== Material provided

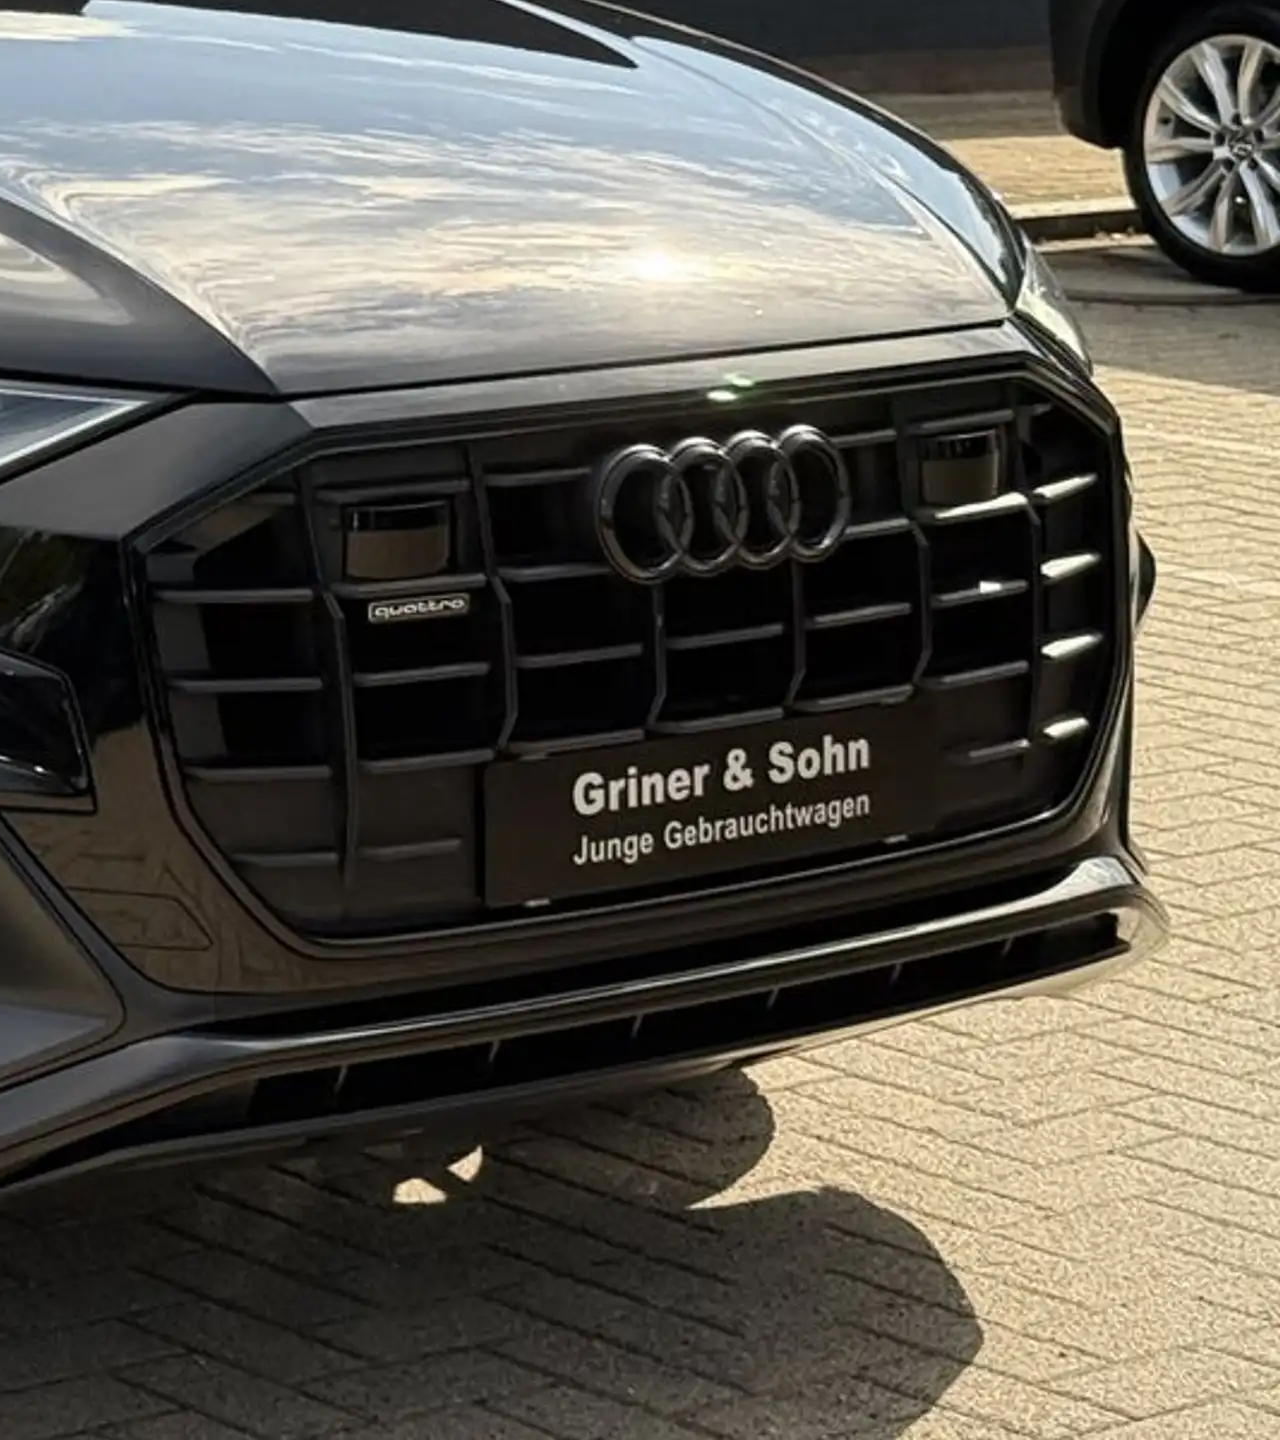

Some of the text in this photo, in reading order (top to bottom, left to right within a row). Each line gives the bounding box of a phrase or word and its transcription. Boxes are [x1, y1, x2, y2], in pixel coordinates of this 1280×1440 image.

[375, 598, 466, 621] quattro
[572, 733, 870, 816] Griner & Sohn
[572, 792, 870, 865] Junge Gebrauchtwagen
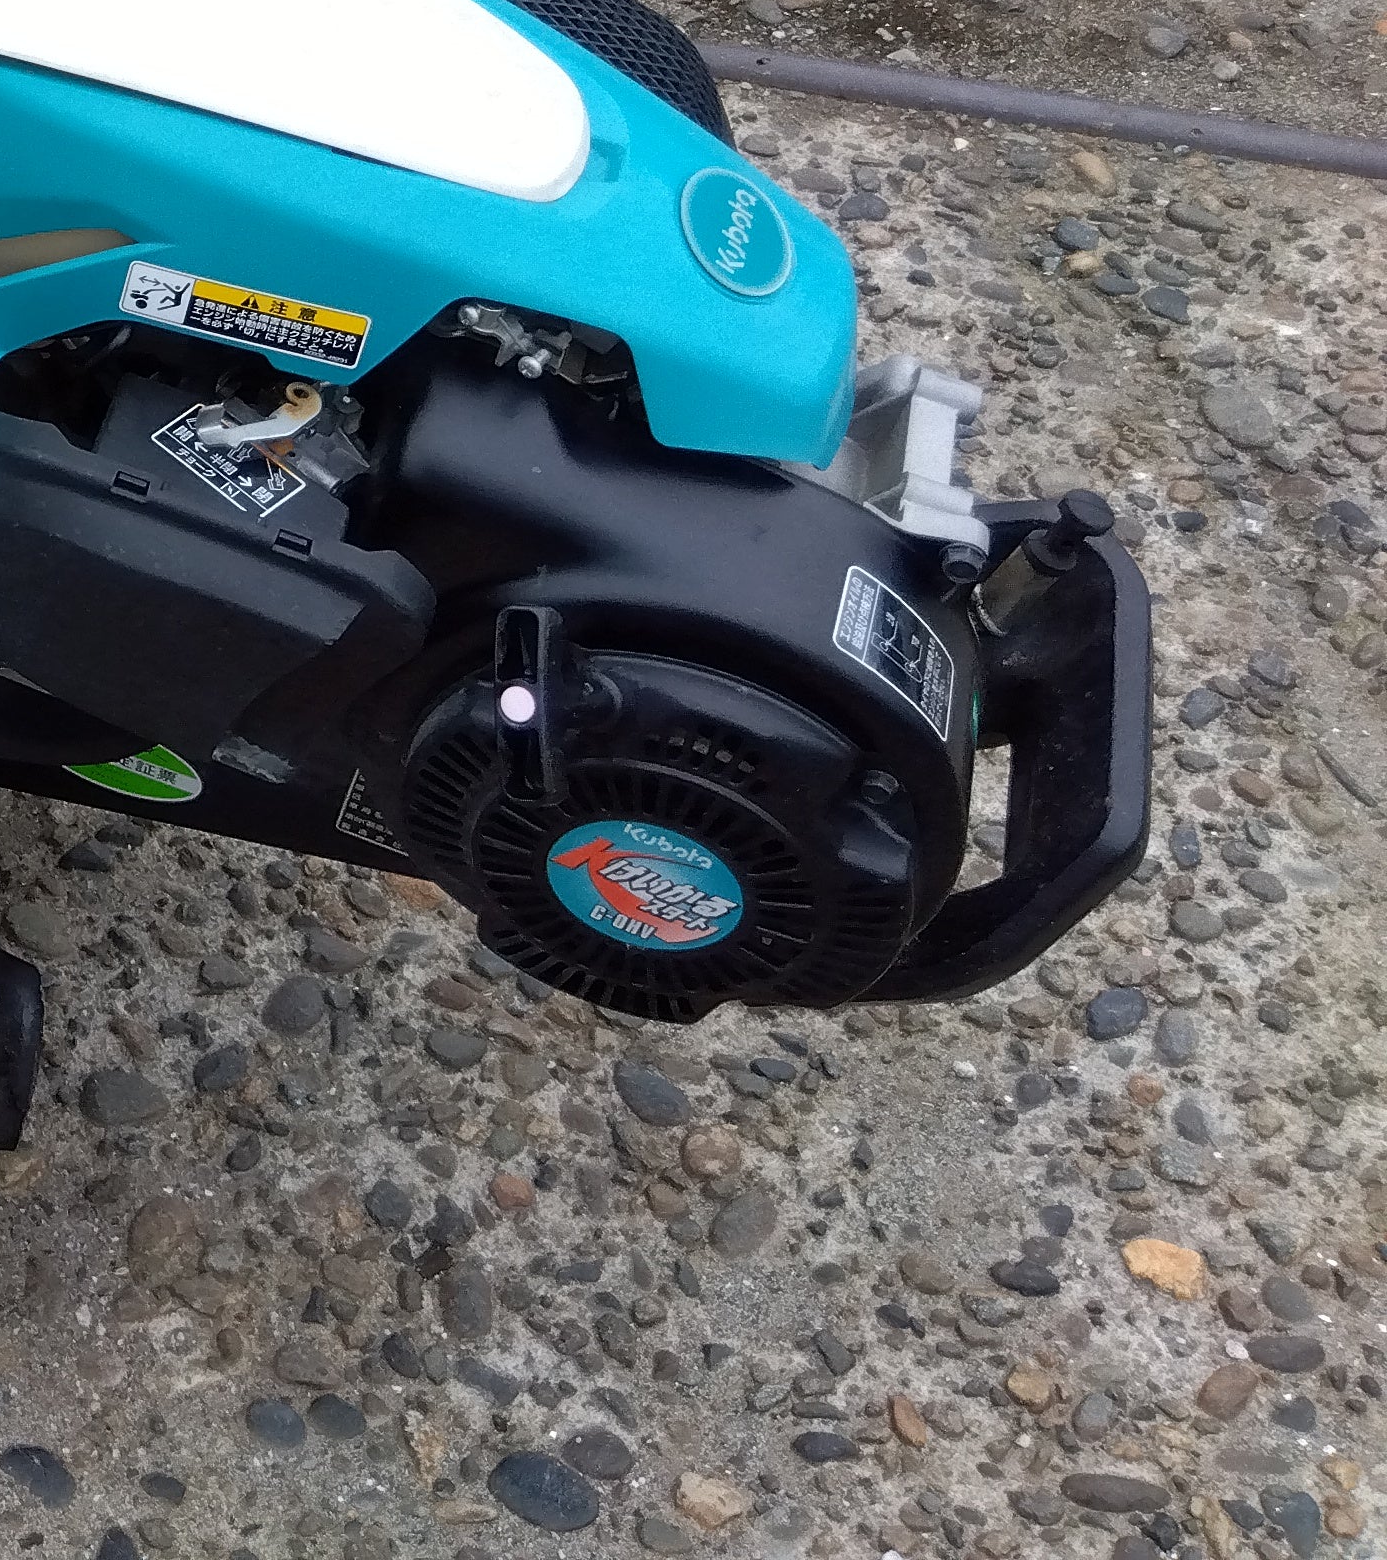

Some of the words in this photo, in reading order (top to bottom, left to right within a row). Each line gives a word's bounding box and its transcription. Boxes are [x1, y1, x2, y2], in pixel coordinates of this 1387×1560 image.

[715, 189, 757, 275] Kubota
[269, 301, 318, 323] 注意
[176, 447, 217, 477] チョーク
[839, 576, 863, 642] エンジンオイルの
[623, 823, 713, 870] Kubota
[590, 904, 659, 939] C-OHV
[638, 899, 710, 931] スタート
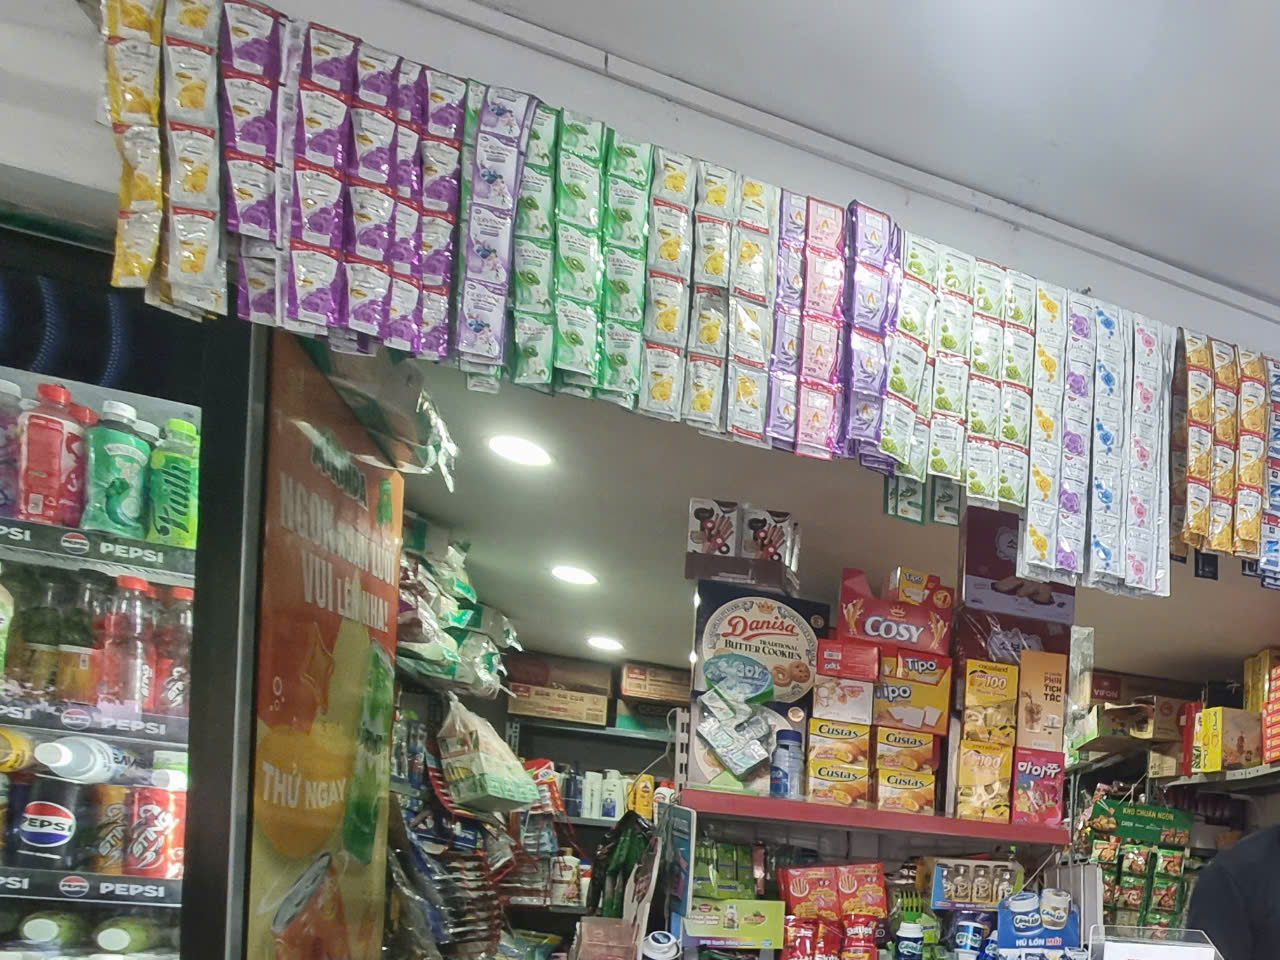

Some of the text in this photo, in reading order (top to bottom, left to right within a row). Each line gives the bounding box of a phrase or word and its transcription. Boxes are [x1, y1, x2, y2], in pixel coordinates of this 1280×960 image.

[100, 542, 164, 564] PEPSI
[721, 615, 800, 640] Danisa
[865, 616, 925, 643] COSY
[724, 638, 803, 661] BUTTER COOKIES
[759, 638, 799, 652] TRADITIONAL
[905, 657, 938, 675] Tipo
[984, 676, 1008, 690] 100
[818, 723, 859, 738] Custas
[886, 732, 925, 746] Custas
[818, 766, 859, 781] Custas
[887, 774, 926, 788] Custas
[305, 777, 347, 809] NGAY
[100, 882, 166, 898] PEPSI

====

> _Problem requirements_:
An exact, picture-free copy of the listing above is the goal; write it out now.

> _Exercise response_:
Some of the text in this photo, in reading order (top to bottom, left to right within a row). Each line gives the bounding box of a phrase or word and its transcription. Boxes are [x1, y1, x2, y2], in pixel coordinates of this 1280×1440 image.

[375, 598, 466, 621] quattro
[572, 733, 870, 816] Griner & Sohn
[572, 792, 870, 865] Junge Gebrauchtwagen

Some of the words in this photo, in reading order (top to bottom, left to right within a row). Each line gives a word's bounding box and its transcription. Boxes are [x1, y1, x2, y2], in pixel coordinates of this 1387×1560 image.

[715, 189, 757, 275] Kubota
[269, 301, 318, 323] 注意
[176, 447, 217, 477] チョーク
[839, 576, 863, 642] エンジンオイルの
[623, 823, 713, 870] Kubota
[590, 904, 659, 939] C-OHV
[638, 899, 710, 931] スタート

Some of the text in this photo, in reading order (top to bottom, left to right within a row). Each line gives the bounding box of a phrase or word and its transcription. Boxes are [x1, y1, x2, y2], in pixel coordinates of this 1280×960 image.

[100, 542, 164, 564] PEPSI
[721, 615, 800, 640] Danisa
[865, 616, 925, 643] COSY
[724, 638, 803, 661] BUTTER COOKIES
[759, 638, 799, 652] TRADITIONAL
[905, 657, 938, 675] Tipo
[984, 676, 1008, 690] 100
[818, 723, 859, 738] Custas
[886, 732, 925, 746] Custas
[818, 766, 859, 781] Custas
[887, 774, 926, 788] Custas
[305, 777, 347, 809] NGAY
[100, 882, 166, 898] PEPSI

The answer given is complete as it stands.